**INSTRUCTIONS FOR THE TASK**
Omit the images, then print each record below exactly as it reads.

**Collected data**
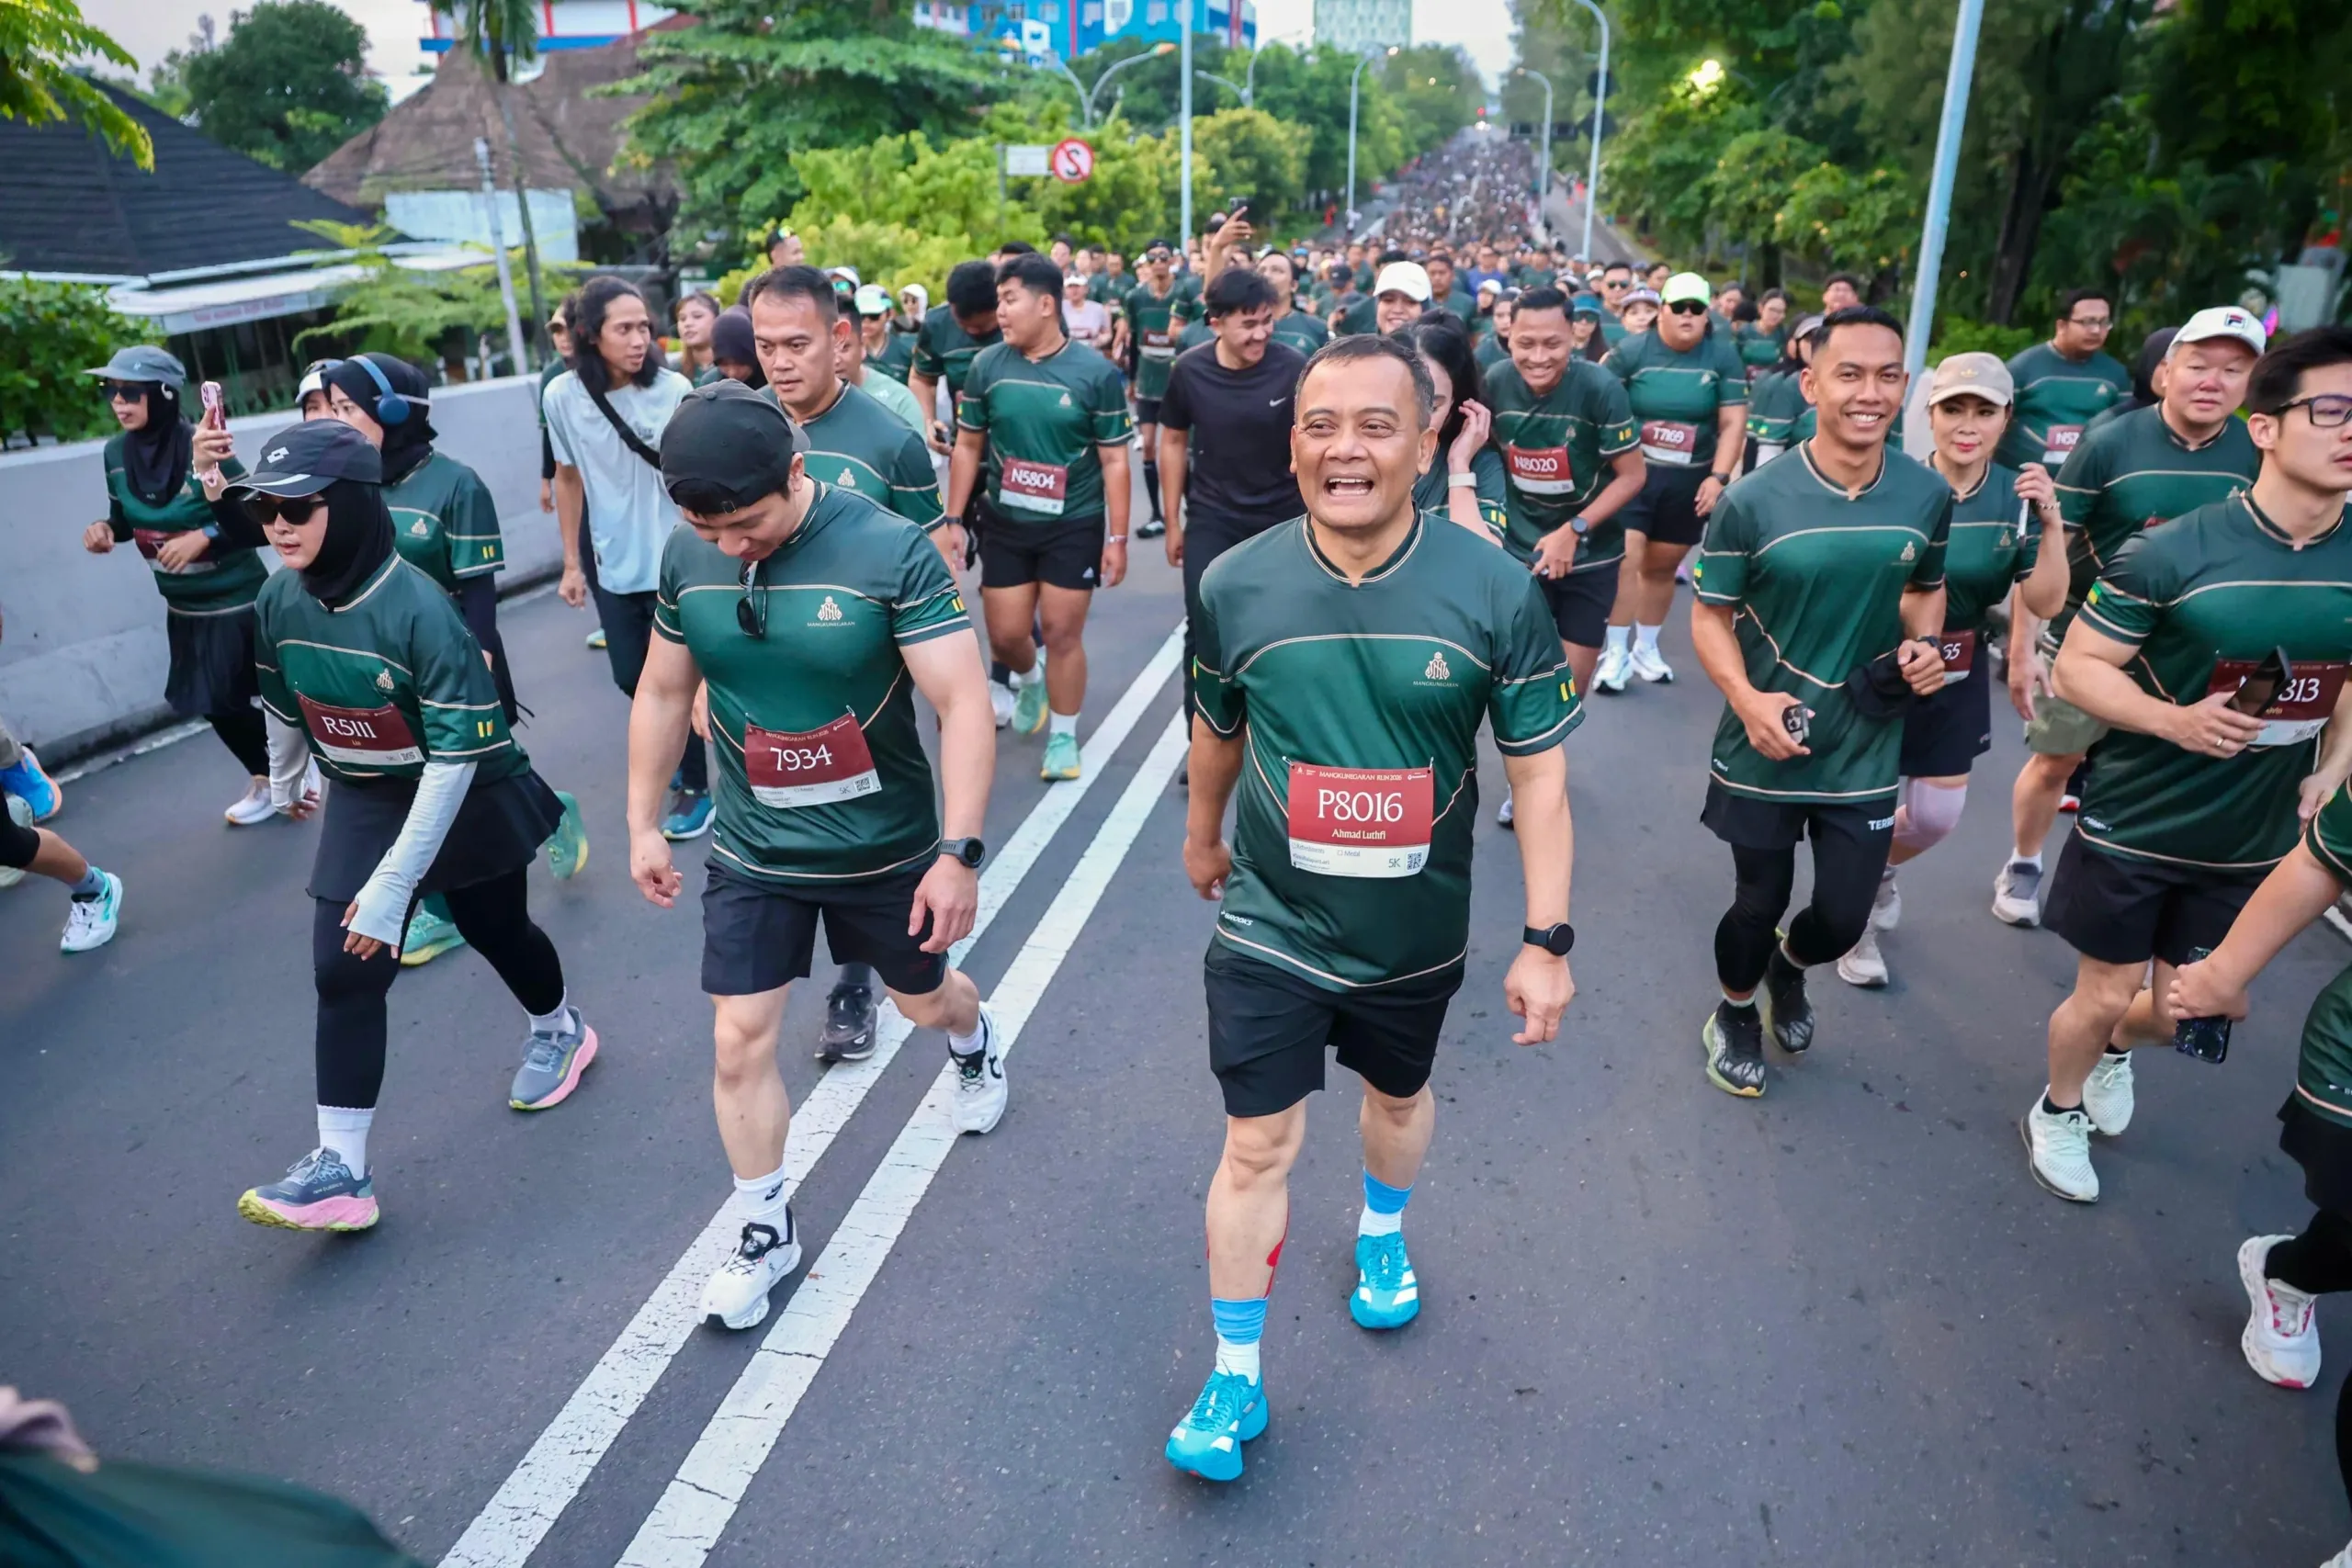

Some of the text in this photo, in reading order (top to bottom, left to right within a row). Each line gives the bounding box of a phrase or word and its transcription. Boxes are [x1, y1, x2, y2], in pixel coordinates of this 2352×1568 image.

[1513, 455, 1558, 472] N8020
[1011, 467, 1056, 490] N5804
[322, 716, 378, 739] R5111
[769, 743, 832, 772] 7934
[1319, 771, 1375, 781] MANGKUNEGARAN
[1317, 788, 1404, 823] P8016
[1331, 829, 1386, 840] Ahmad Luthfi
[1388, 858, 1401, 868] 5K
[1224, 912, 1254, 926] BROOKS
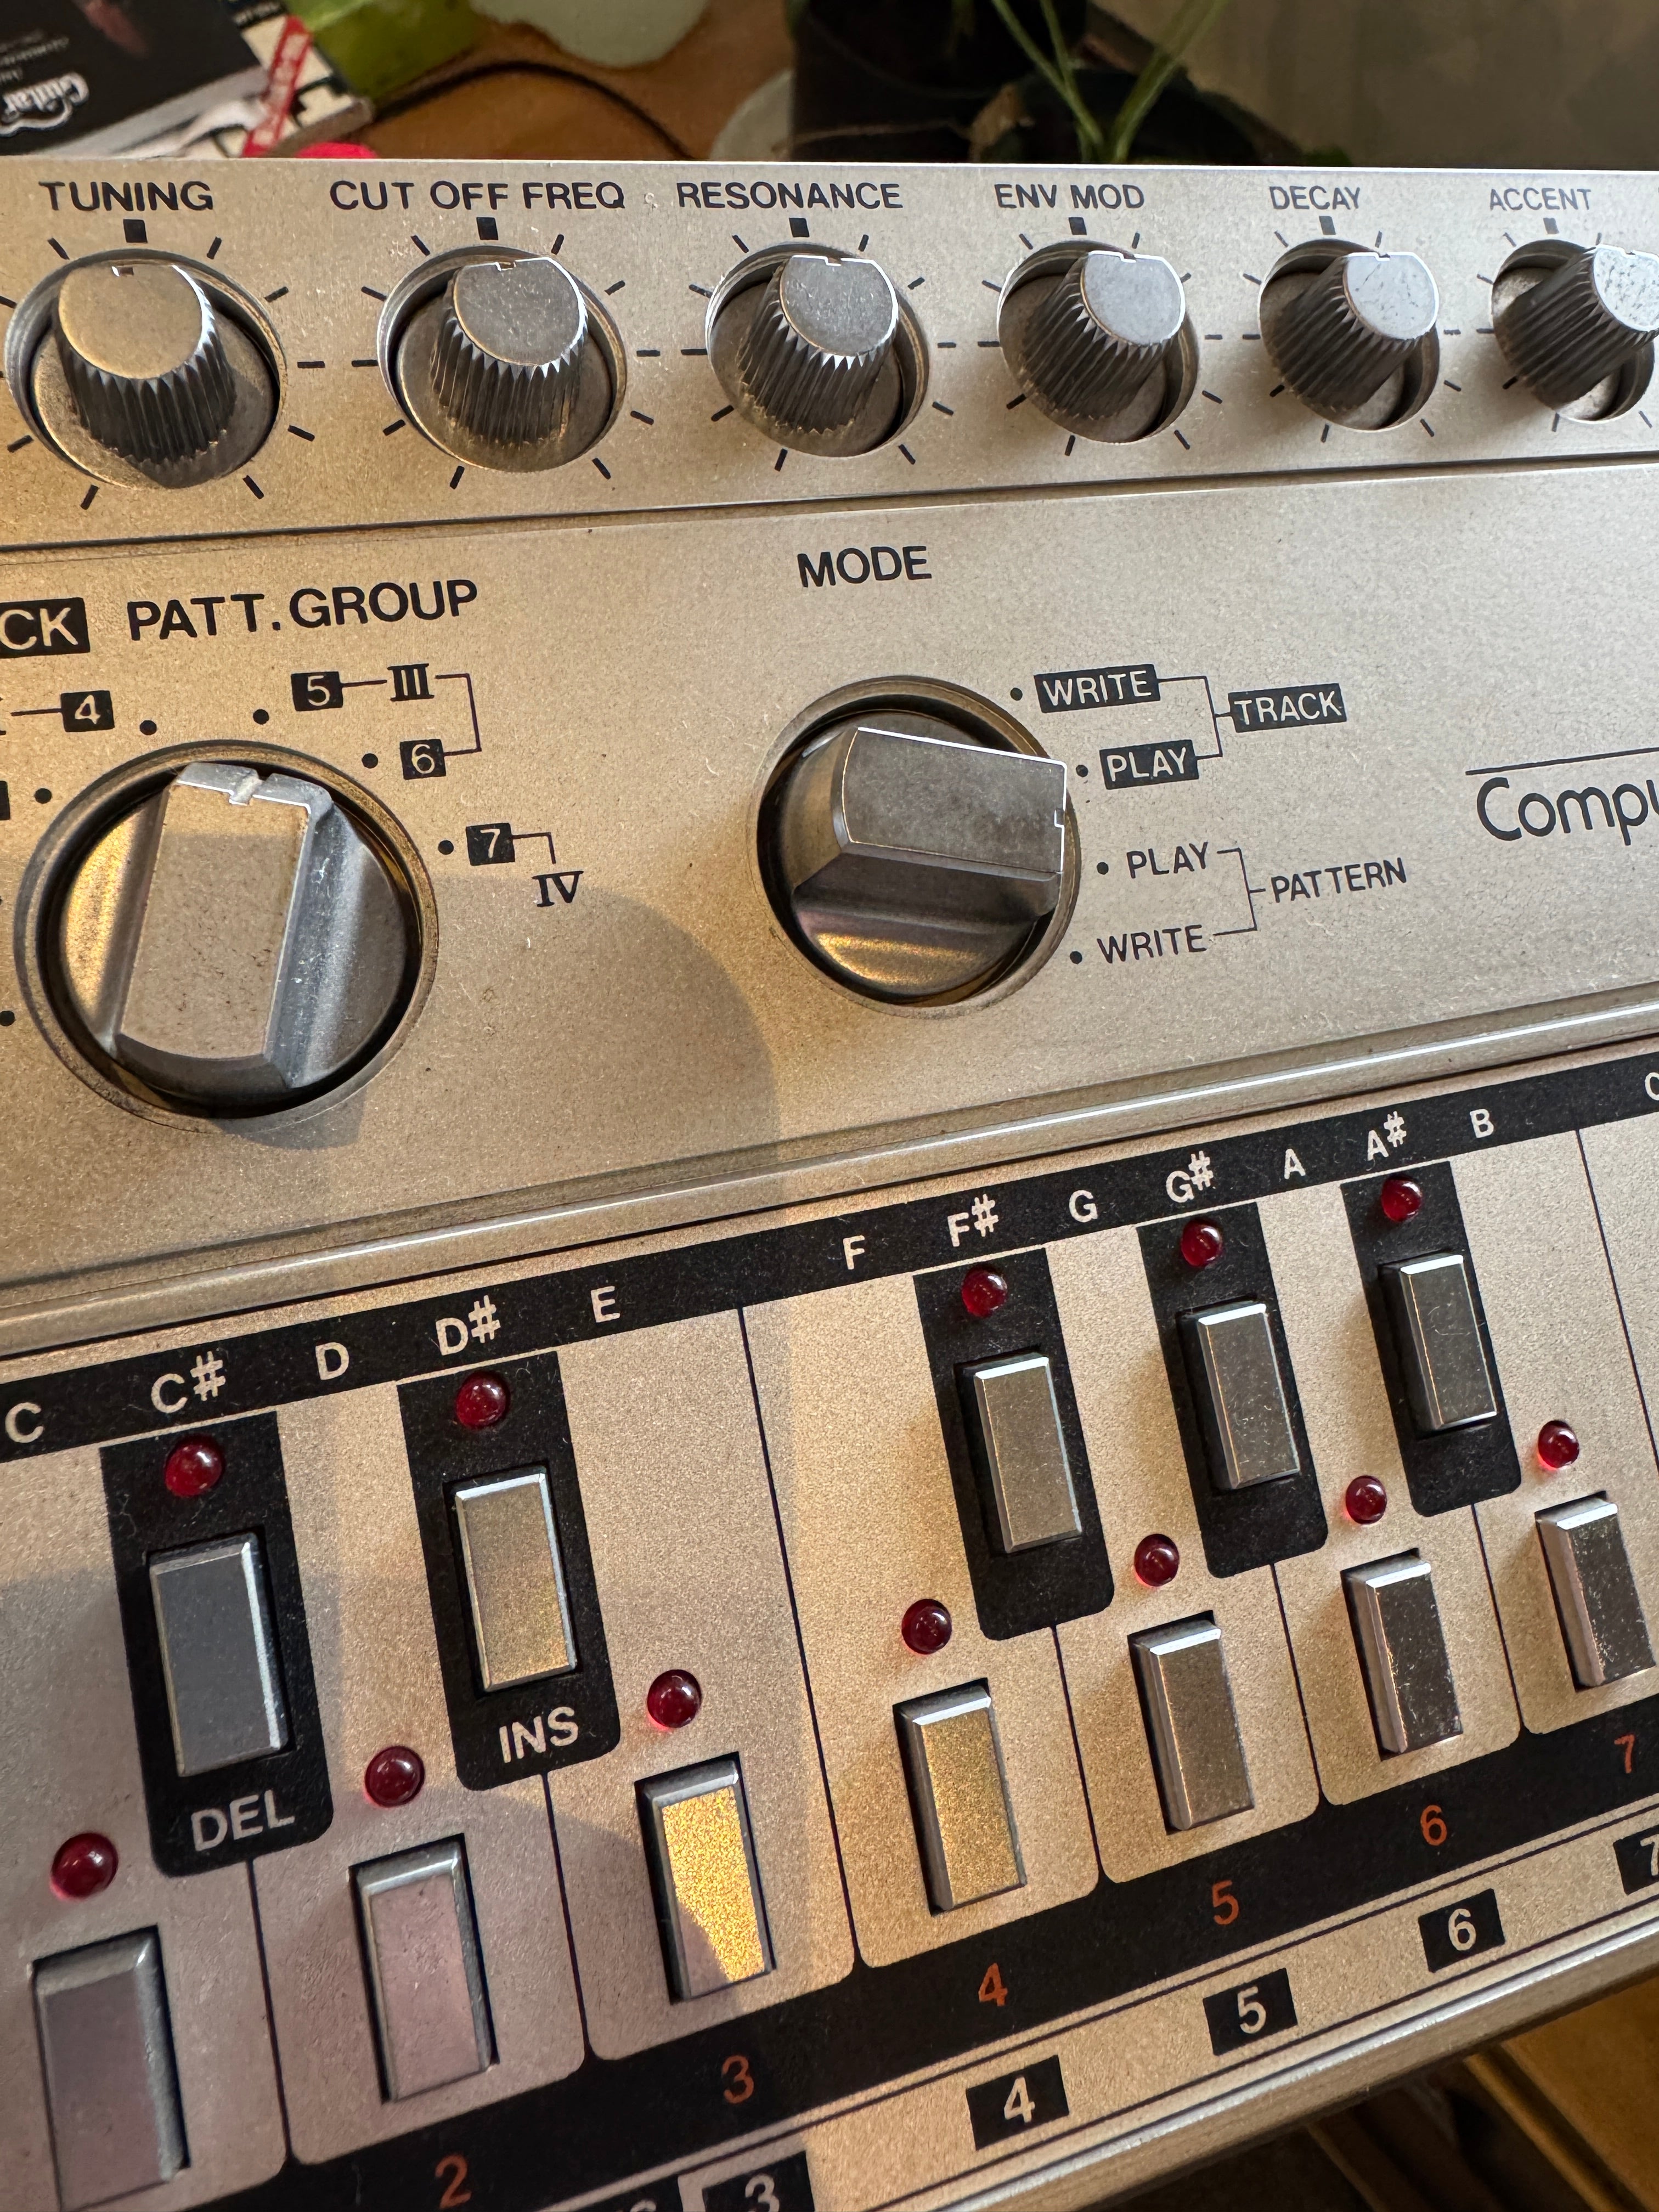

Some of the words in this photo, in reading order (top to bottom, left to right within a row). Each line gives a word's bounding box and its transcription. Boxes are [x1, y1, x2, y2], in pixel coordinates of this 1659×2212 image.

[39, 181, 213, 211] TUNING
[330, 180, 414, 210] CUT
[430, 180, 508, 210] OFF
[523, 181, 625, 209] FREQ
[676, 182, 903, 208] RESONANCE
[996, 184, 1057, 208] ENV
[1069, 184, 1145, 209] MOD
[1269, 186, 1361, 210] DECAY
[1489, 188, 1592, 211] ACCENT
[797, 546, 932, 588] MODE
[307, 676, 330, 707] 5
[386, 663, 434, 702] III
[1041, 670, 1152, 707] WRITE
[75, 694, 100, 724] 4
[1234, 690, 1342, 725] TRACK
[411, 743, 435, 775] 6
[1106, 747, 1188, 782] PLAY
[484, 827, 500, 859] 7
[1127, 842, 1208, 879] PLAY
[532, 871, 584, 908] IV
[1271, 857, 1407, 903] PATTERN
[1097, 924, 1207, 964] WRITE
[5, 1402, 43, 1443] C
[151, 1351, 227, 1413] C#
[314, 1342, 349, 1380] D
[435, 1295, 501, 1356] D#
[590, 1285, 620, 1323] E
[843, 1235, 865, 1270] F
[947, 1193, 999, 1248] F#
[1069, 1189, 1098, 1223] G
[1166, 1150, 1214, 1203] G#
[1284, 1148, 1306, 1180] A
[1367, 1111, 1407, 1161] A#
[1469, 1108, 1494, 1138] B
[499, 1706, 579, 1763] INS
[191, 1790, 296, 1852] DEL
[435, 2153, 472, 2210] 2
[721, 2055, 754, 2104] 3
[978, 1962, 1008, 2007] 4
[1212, 1880, 1239, 1925] 5
[1420, 1805, 1447, 1846] 6
[1615, 1734, 1635, 1774] 7
[745, 2174, 780, 2212] 3
[1003, 2076, 1035, 2123] 4
[1236, 1987, 1267, 2034] 5
[1448, 1908, 1477, 1951] 6

**SOLUTION**
Some of the text in this photo, in reading order (top to bottom, left to right within a row). Each line gives the bounding box of a phrase or word and its transcription. Boxes are [x1, y1, x2, y2], in pixel coordinates of this 2352×1568 image.

[1513, 455, 1558, 472] N8020
[1011, 467, 1056, 490] N5804
[322, 716, 378, 739] R5111
[769, 743, 832, 772] 7934
[1319, 771, 1375, 781] MANGKUNEGARAN
[1317, 788, 1404, 823] P8016
[1331, 829, 1386, 840] Ahmad Luthfi
[1388, 858, 1401, 868] 5K
[1224, 912, 1254, 926] BROOKS

Some of the words in this photo, in reading order (top to bottom, left to right within a row). Each line gives a word's bounding box and its transcription. Boxes are [x1, y1, x2, y2], in pixel coordinates of this 1659×2212 image.

[39, 181, 213, 211] TUNING
[330, 180, 414, 210] CUT
[430, 180, 508, 210] OFF
[523, 181, 625, 209] FREQ
[676, 182, 903, 208] RESONANCE
[996, 184, 1057, 208] ENV
[1069, 184, 1145, 209] MOD
[1269, 186, 1361, 210] DECAY
[1489, 188, 1592, 211] ACCENT
[797, 546, 932, 588] MODE
[307, 676, 330, 707] 5
[386, 663, 434, 702] III
[1041, 670, 1152, 707] WRITE
[75, 694, 100, 724] 4
[1234, 690, 1342, 725] TRACK
[411, 743, 435, 775] 6
[1106, 747, 1188, 782] PLAY
[484, 827, 500, 859] 7
[1127, 842, 1208, 879] PLAY
[532, 871, 584, 908] IV
[1271, 857, 1407, 903] PATTERN
[1097, 924, 1207, 964] WRITE
[5, 1402, 43, 1443] C
[151, 1351, 227, 1413] C#
[314, 1342, 349, 1380] D
[435, 1295, 501, 1356] D#
[590, 1285, 620, 1323] E
[843, 1235, 865, 1270] F
[947, 1193, 999, 1248] F#
[1069, 1189, 1098, 1223] G
[1166, 1150, 1214, 1203] G#
[1284, 1148, 1306, 1180] A
[1367, 1111, 1407, 1161] A#
[1469, 1108, 1494, 1138] B
[499, 1706, 579, 1763] INS
[191, 1790, 296, 1852] DEL
[435, 2153, 472, 2210] 2
[721, 2055, 754, 2104] 3
[978, 1962, 1008, 2007] 4
[1212, 1880, 1239, 1925] 5
[1420, 1805, 1447, 1846] 6
[1615, 1734, 1635, 1774] 7
[745, 2174, 780, 2212] 3
[1003, 2076, 1035, 2123] 4
[1236, 1987, 1267, 2034] 5
[1448, 1908, 1477, 1951] 6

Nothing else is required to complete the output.